I learned the power of therapy. I’m pretty sure therapy saved my life. Had I not had that available to me for the last year, I do not know if I would have survived the CSUF experience. Thursday mornings were my coping. I spent a lot of time trying to work through what was happening to me, and work out ways to cope with how I was feeling. My depression would have gotten a lot worse, had I not made the decision to get some real help. That program broke me. I spent much of this last year crying and hiding under my covers hoping that the storm would crash. My therapist helped me get out of bed, helped me not become an actual racist, and helped me realize that there was absolutely nothing wrong with my character. I used to think that therapy was something that I needed to hide, like it was a dirty little secret, but I have to say, I feel like a much stronger person than I was two years ago, and I think a part of that is because therapy kept me out of the dark and twisty.

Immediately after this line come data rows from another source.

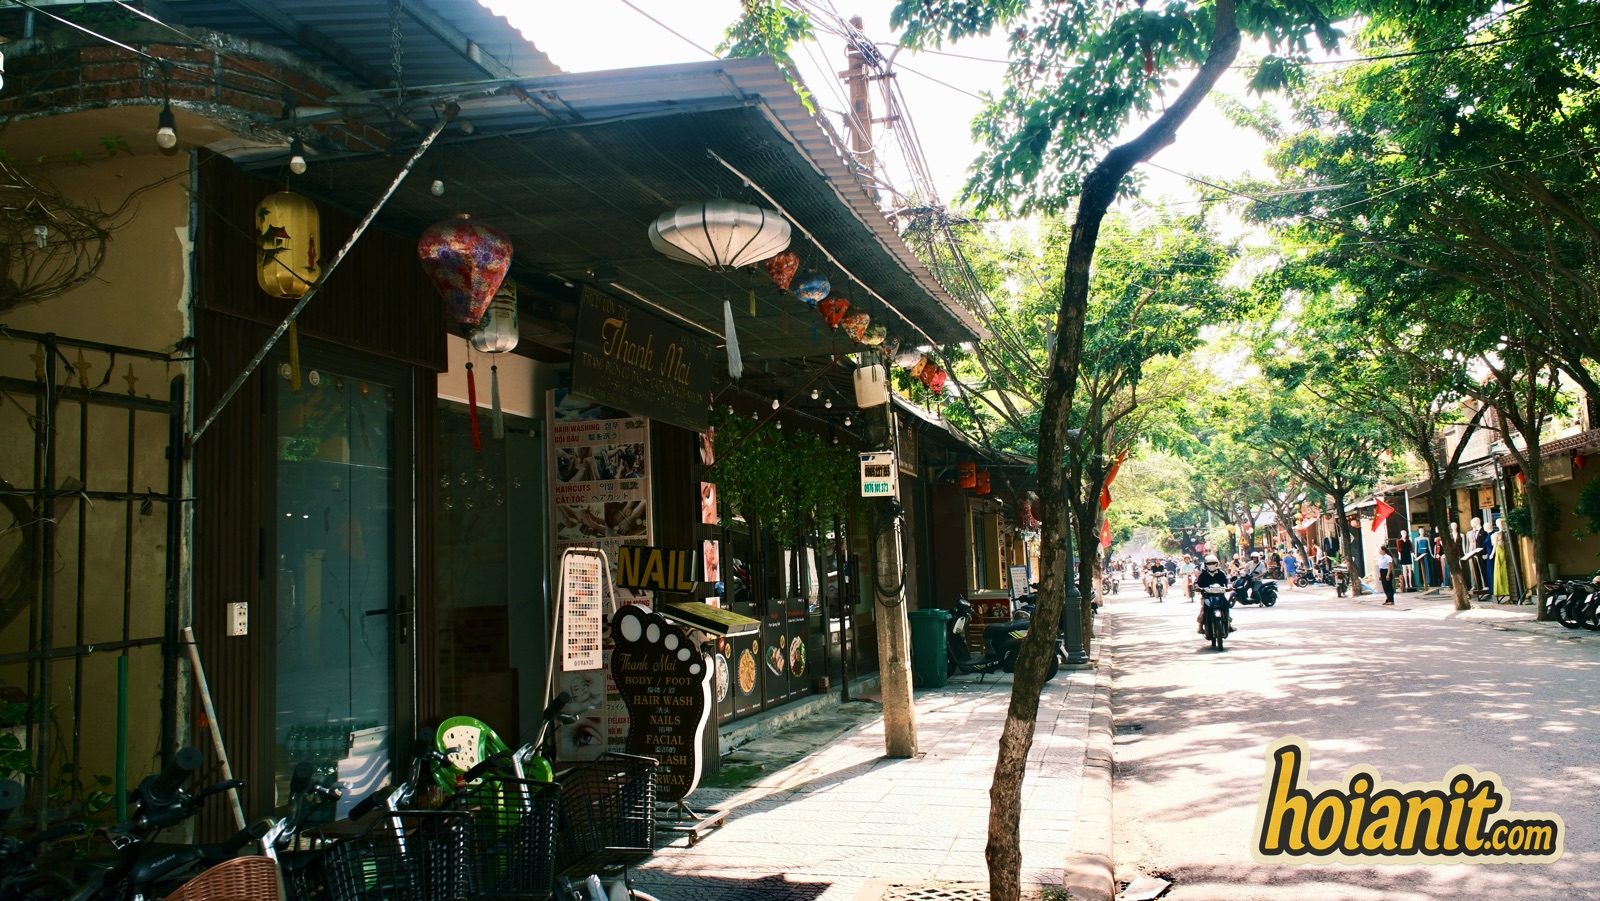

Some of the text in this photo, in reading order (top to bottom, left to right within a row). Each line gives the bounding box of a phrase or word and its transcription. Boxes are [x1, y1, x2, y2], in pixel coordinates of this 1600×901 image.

[601, 317, 691, 386] Thanh Mai
[554, 424, 600, 433] HAIR WASHING
[556, 485, 591, 493] HAIRCUTS
[617, 547, 693, 592] NAIL
[619, 653, 677, 672] Thanh Mai
[625, 676, 653, 684] BODY
[665, 677, 692, 686] FOOT
[633, 695, 660, 705] HAIR
[663, 696, 693, 706] WASH
[650, 715, 681, 725] NAILS
[646, 735, 684, 745] FACIAL
[656, 774, 685, 785] RWAX

I learned that I am willing to fight for the friendships and connections that matter. I’ve kept in touch with most of the people I was in Scotland with, and I am now seeing the long list of people here that are worth the effort to keep in contact with. I also feel like I am about to meet a whole bunch of new people, and those are the people that I will keep around for a long long time. I’m always worried about making friends because I am not really good at being social, but I am no longer worried about that. I know that I will become that obnoxious person who introduces myself to people, and before I know it, I will have sweet-talked my way into a lord’s heart and will get the castle wedding and the title that everyone here wants me to have (ok, I will get a puppy, talk to him, and pretend that is being social).

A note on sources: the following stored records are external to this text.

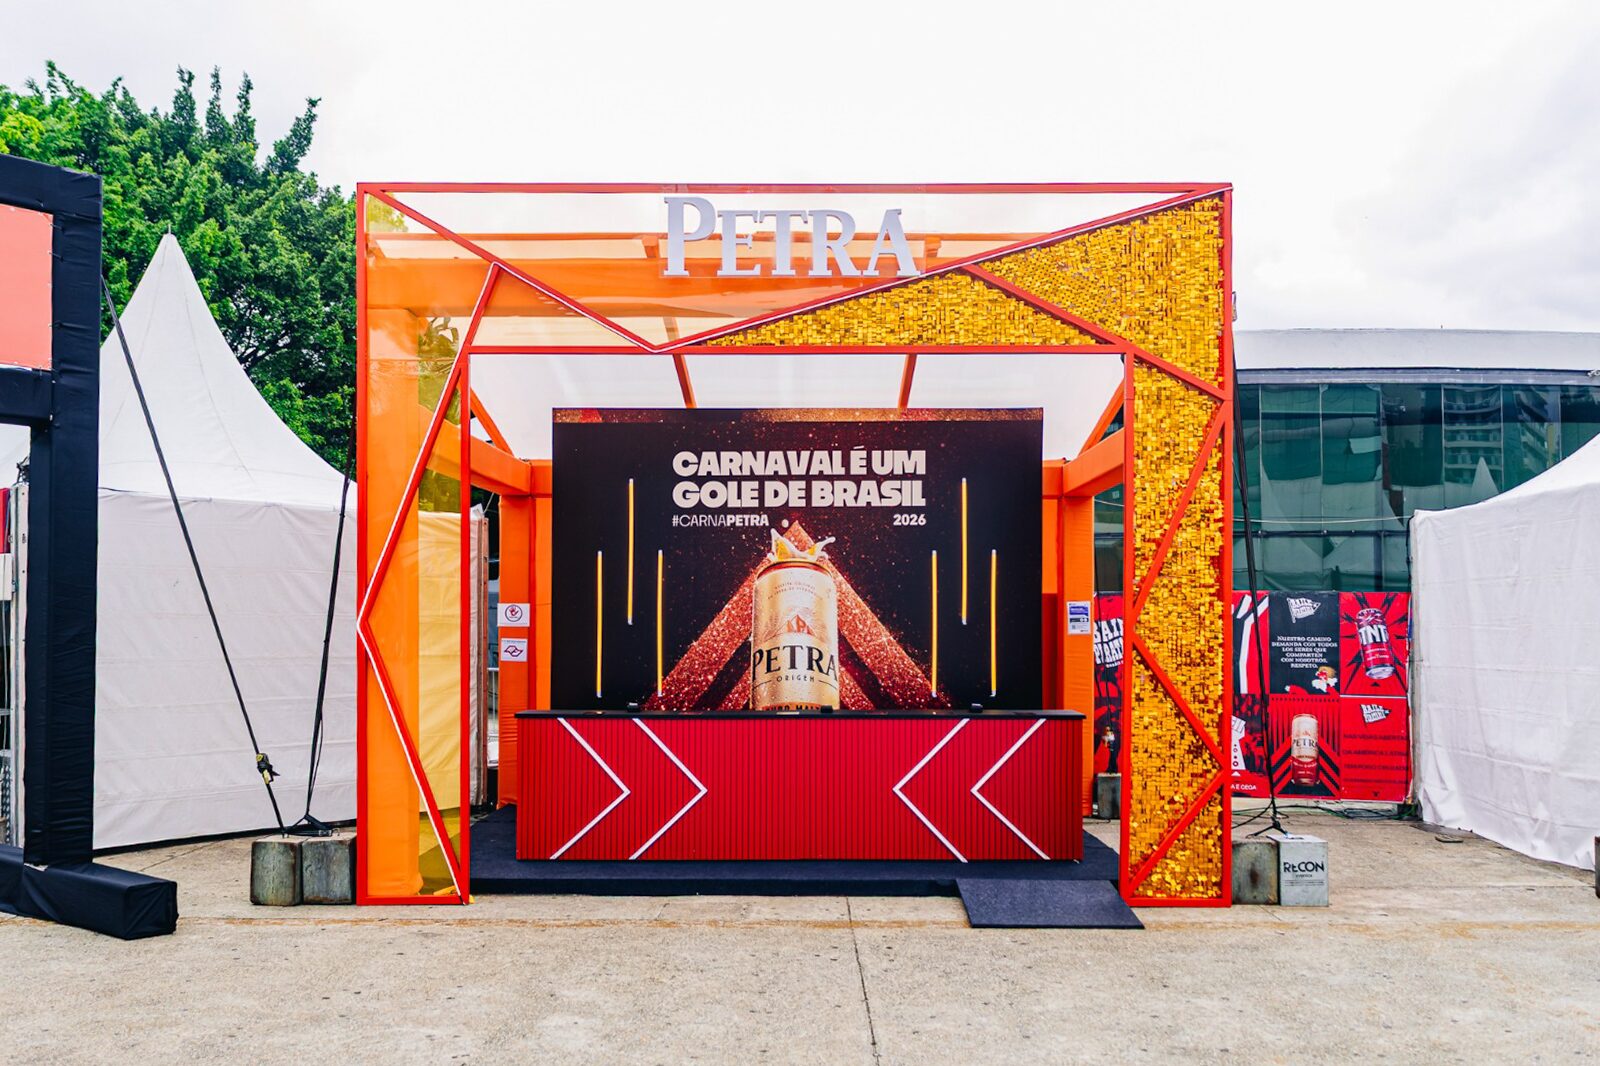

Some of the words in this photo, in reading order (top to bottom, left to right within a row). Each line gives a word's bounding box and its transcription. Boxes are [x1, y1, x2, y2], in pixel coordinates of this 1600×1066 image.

[663, 196, 922, 277] PETRA
[672, 450, 845, 477] CARNAVAL
[850, 445, 867, 475] É
[871, 450, 926, 475] UM
[672, 480, 759, 508] GOLE
[764, 480, 806, 507] DE
[811, 480, 926, 507] BRASIL
[672, 514, 769, 527] #CARNAPETRA
[893, 514, 926, 526] 2026
[1358, 624, 1388, 645] TNT
[752, 645, 838, 683] PETRA

Most importantly, I learned that sometimes you need a fresh start to really become who you are supposed to be. Scotland is my fresh start. I never would have made it there if I had not gone through all the shit of the last two years. Scotland is my chance to really grow and become the person that I want to be (and the scenery, history, and people don’t hurt either). In three short years I will be Dr. Scamp, and in five short years I will be a permanent resident of the UK.

Most people say that it is bad luck to say “goodbye”, and that you should say “see you later.” They say that “goodbye” is permanent. Well, today, I would like to say goodbye to my life here, and to the person that I was. Tomorrow I start fresh being the badass flamingo that I am.

“I was trying to feel some kind of good-bye. I mean I’ve left schools and places I didn’t even know I was leaving them. I hate that. I don’t care if it’s a sad good-bye or a bad good-bye, but when I leave a place I like to know I’m leaving it. If you don’t you feel even worse.”
J.D. Salinger, The Catcher in the Rye

Adventure here I come.

The Scamp and a Bon Voyage

Yesterday I made the second round of goodbyes. I invited friends and family to come hang out with me at a little brewery by my parent’s house. I honestly thought no one would show up. I’m not sure why, but I have a strong desire to be missed by the people here, and I had a feeling my piss poor attitude for the last two years put a damper on people who would be sad to see me go.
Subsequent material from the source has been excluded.